Comparison of cystatin C and creatinine-based equations for GFR estimation after living kidney donation.

Background The performance of glomerular filtration rate (GFR) equations incorporating both cystatin C (CysC) and serum creatinine (Creat) in living kidney donors has not been studied before. Methods From a population of 3,698 living kidney donors, 257 donors were randomly selected to undergo GFR measurement (mGFR) by the plasma disappearance of iohexol. GFR was estimated with the Modification of Diet in Renal Disease (MDRD) equation and the Chronic Kidney Disease Epidemiology Collaboration study eGFR(CKD-EPI-Creat) in 257 donors and the two newly developed equations using CysC with and without Creat, eGFR(CKD-EPI-CysC) and eGFR(CKD-EPI-Creat+CysC), in 215 donors. Results Mean mGFR was 71.8±11.8 mL/min/1.73 m2. The eGFR(MDRD) exhibited least and only negative bias and the three other models were comparable in terms of bias. The eGFR(CKD-EPI-Creat+CysC) equation was most precise; r2=0.64. Both eGFR(MDRD) and eGFR(CKD-EPI-Creat+CysC) had high percentage (94.4% and 92.6%, respectively) of estimates falling within 30% of mGFR versus estimates by eGFR(CKD-EPI-Creat) and eGFR(CKD-EPI-CysC) equations (87.2% and 85.1%, respectively).
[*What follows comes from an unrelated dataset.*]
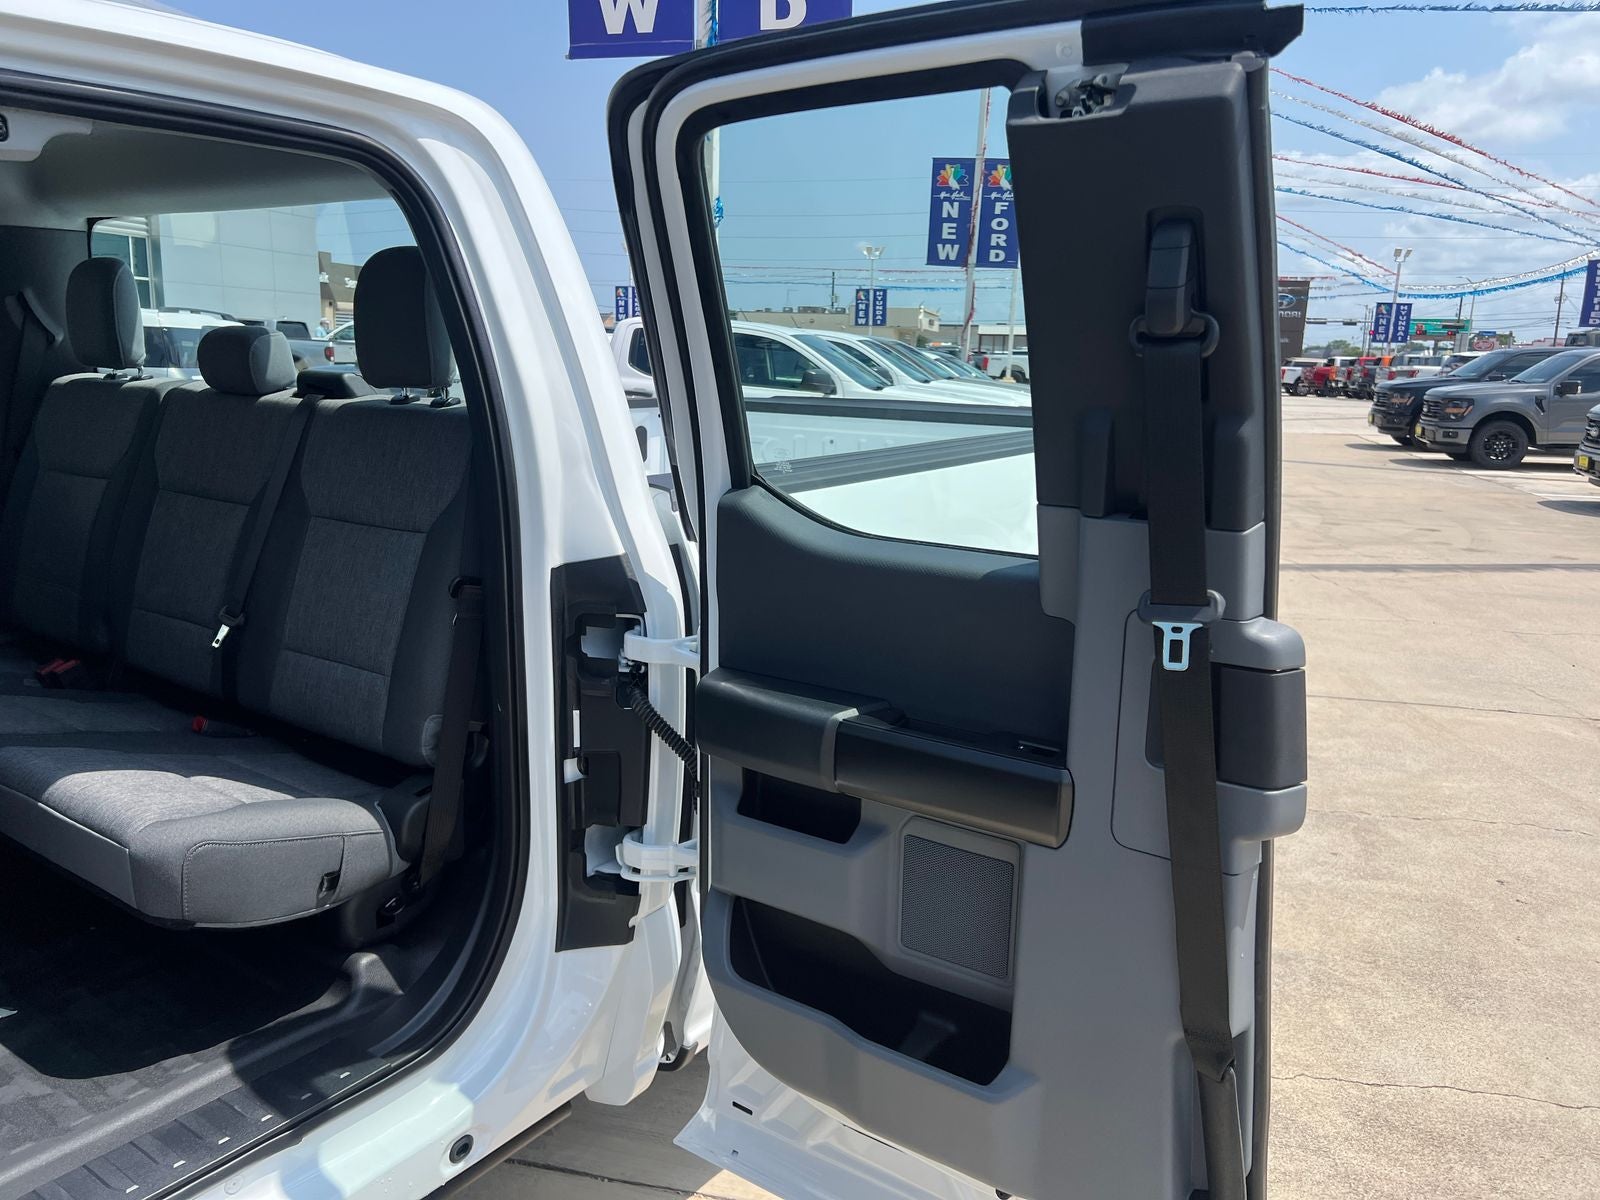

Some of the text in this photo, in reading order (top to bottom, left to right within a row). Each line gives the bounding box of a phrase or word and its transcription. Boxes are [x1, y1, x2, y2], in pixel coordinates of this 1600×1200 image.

The eGFR(MDRD) was by far most accurate in identifying those with mGFR less than 60 mL/min/1.73 m2 whereas the CKD-EPI models were extremely accurate in classifying those with mGFR greater than or equal to 60 mL/min/1.73 m2. Conclusions eGFR(CKD-EPI-Creat+CysC) equation provides comparable accuracy to the eGFR(MDRD) in overall estimation of mGFR, but with higher precision. However, eGFR(CKD-EPI-Creat+CysC) clearly misses many of those with a post-donation GFR less than 60 mL/min/1.73 m2 and therefore eGFR(MDRD) is preferable in detecting donors with GFR less than 60 mL/min/1.73 m2.